Now it’s midnight. Charlotte wakes up and pads out here, rubbing her eyes, confused that I’m sitting alone at the table. She’s taken to wearing an old tank top of Maggie’s to bed because it feels like a fancy dress. She’s thirsty, so I get her a glass of water and walk her back to bed. I assure her that the glass was on the windowsill next to her bed if she wakes up thirsty again. I tell her I will stay with her until she falls asleep, and I do.

As I watch her breathing regulate, I remember our day at the beach. I feel her weight in my arms as we waded out—she can’t swim—and I feel the undertow trying to pull my feet from under us. We wade out farther, the water up to my armpits. The surf is as high as I’ve seen; we toe the line between fun and fright.

Charlotte turns over and lets out the little sigh she makes right after she’s shut her eyes.

The ocean suddenly feels bigger. And still, I feel lucky to be in it, to witness the waves, and to hold Charlotte above the break while salt floods my eyes.

4 Responses to Coming to Terms

  1. Wink says:

    I was so struck by the restraint of this post- the Campbell Raws in Brooklyn juxtaposed with tragedy in Gaza, Ferguson, MO — all the unspeakable sites of violence and ignorance of the moment– is an demanding feat to pull off. Likely this is why you fretted over this as much as you described. This is the nature of human experience, and your post encompasses the delicate/ robust growth of a young family while maintaining a steady gaze at your family’s place in the world. And, it feeds me in an analogous activity. The stuff of the life that comes to me, that I seek out, and that surrounds (overtakes and overwhelms) me, is what I attempt to invest in my drawing. That every image is armatured (not a word) on a personal archive of beauty, memory, wonder and pain without literally rendering the merging of these resources is my goal. Take all this as a bit of information to and advice to take a look at Andres Serrano’s “Residents” (of New York City) series of photos.

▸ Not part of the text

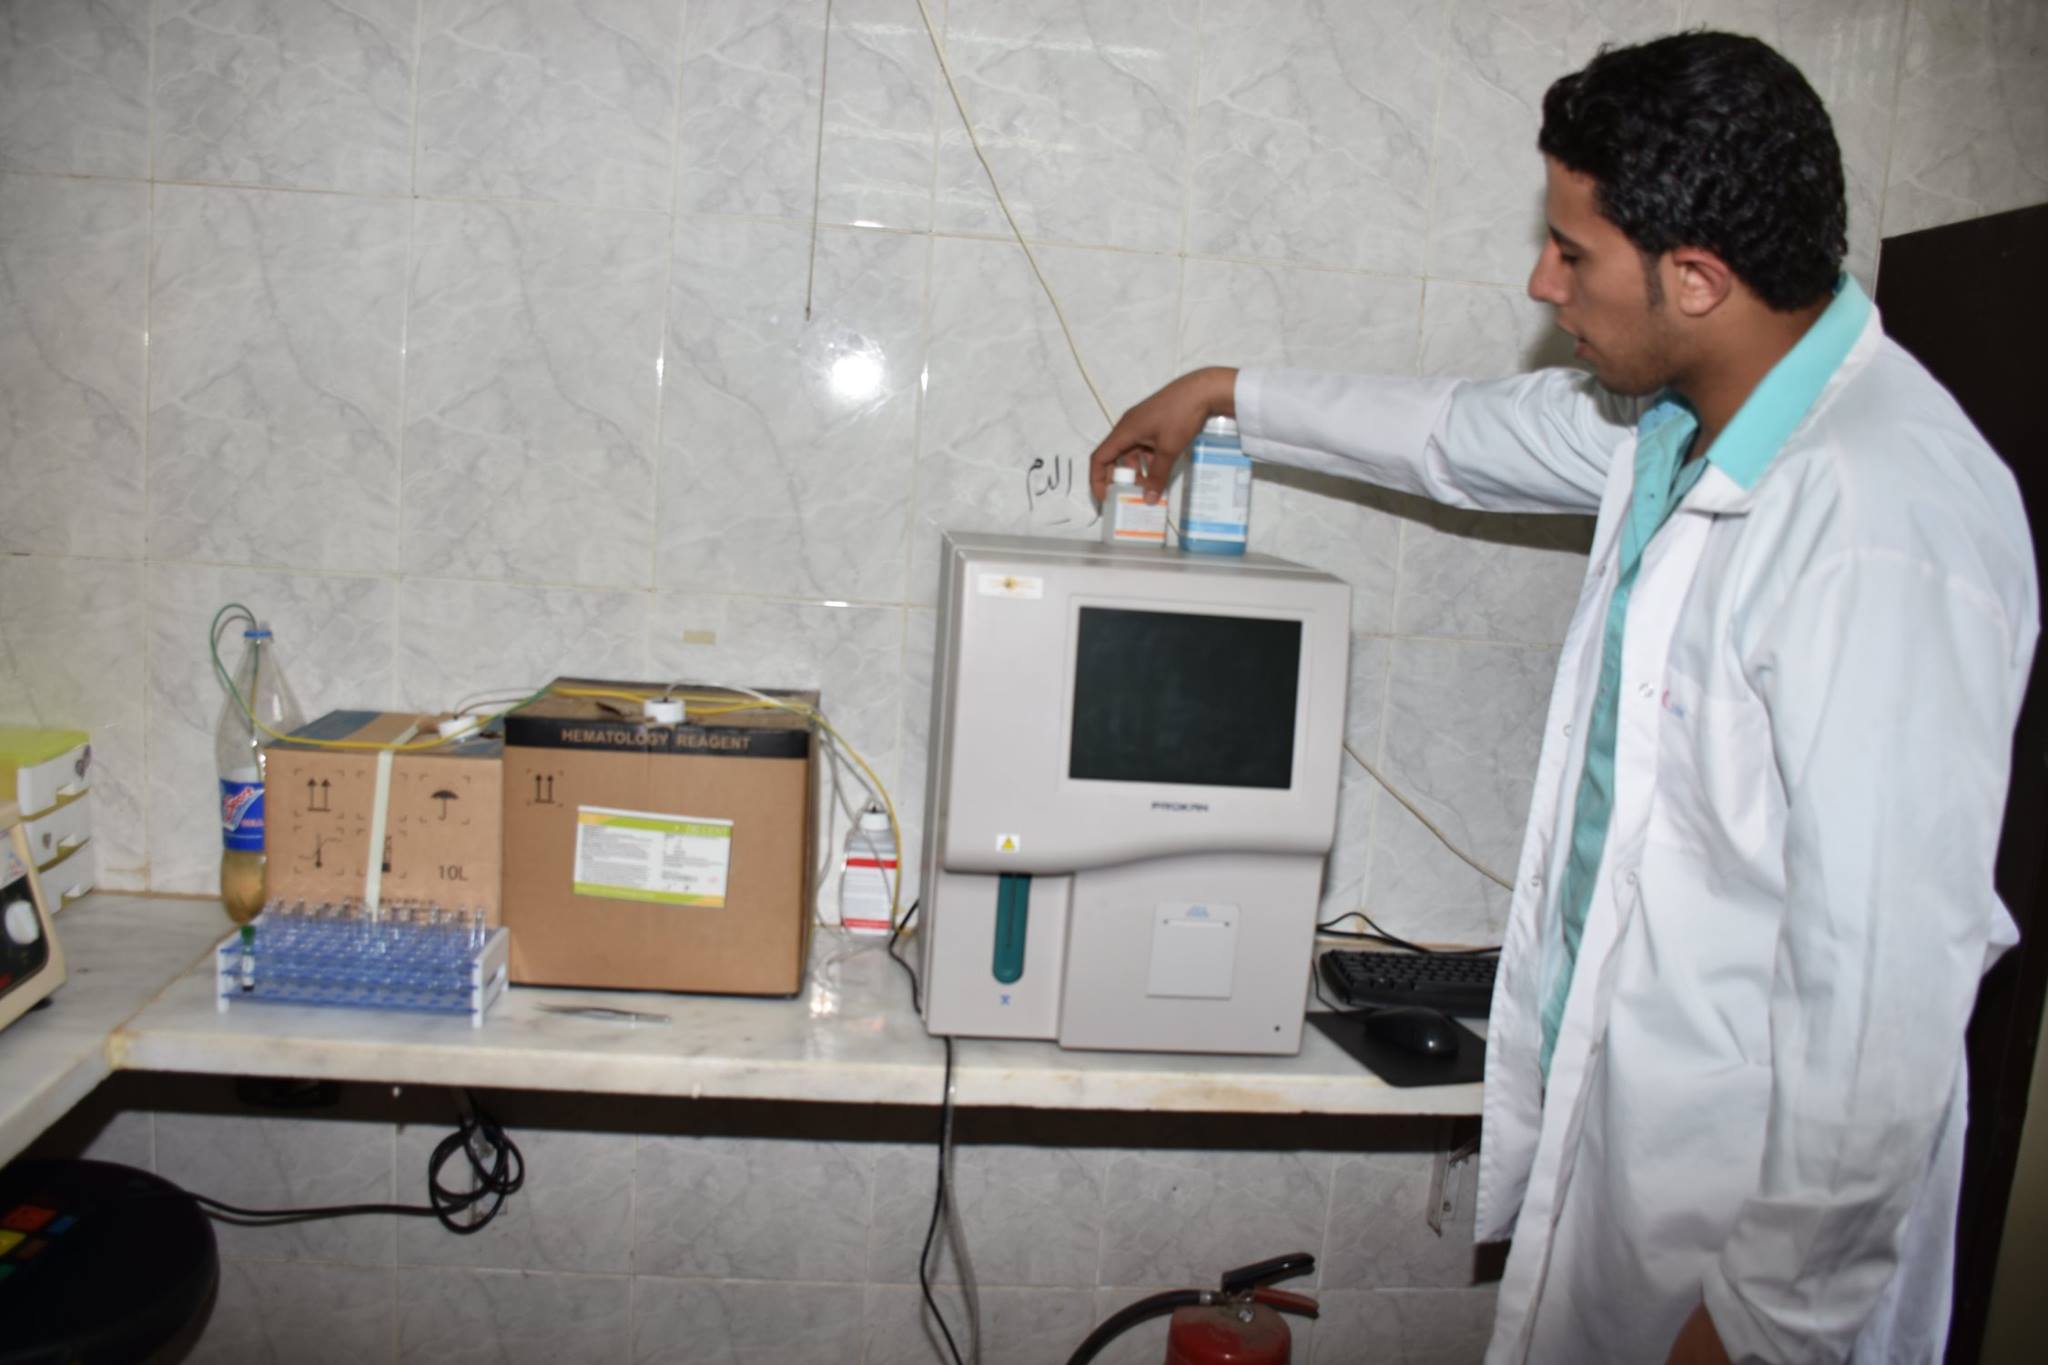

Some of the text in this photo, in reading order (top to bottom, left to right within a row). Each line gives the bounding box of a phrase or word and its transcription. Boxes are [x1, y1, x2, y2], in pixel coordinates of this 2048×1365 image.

Both his images and his writing inspire a respect that I did not feel for this artist who gained so much notoriety at the end of the 20th century. Thanks for your writing. It is a seasonal, weekly gift that I treasure.

    • Matt says:

      Wink! I’m so glad you commented. Your reaction and perspective are always welcome, both help me understand what I’m doing in a way I’m usually unable to articulate.

      I will absolutely seek out “Residents,” and I’m glad to be able to provide a little bit of fuel for your summer. Home stretch!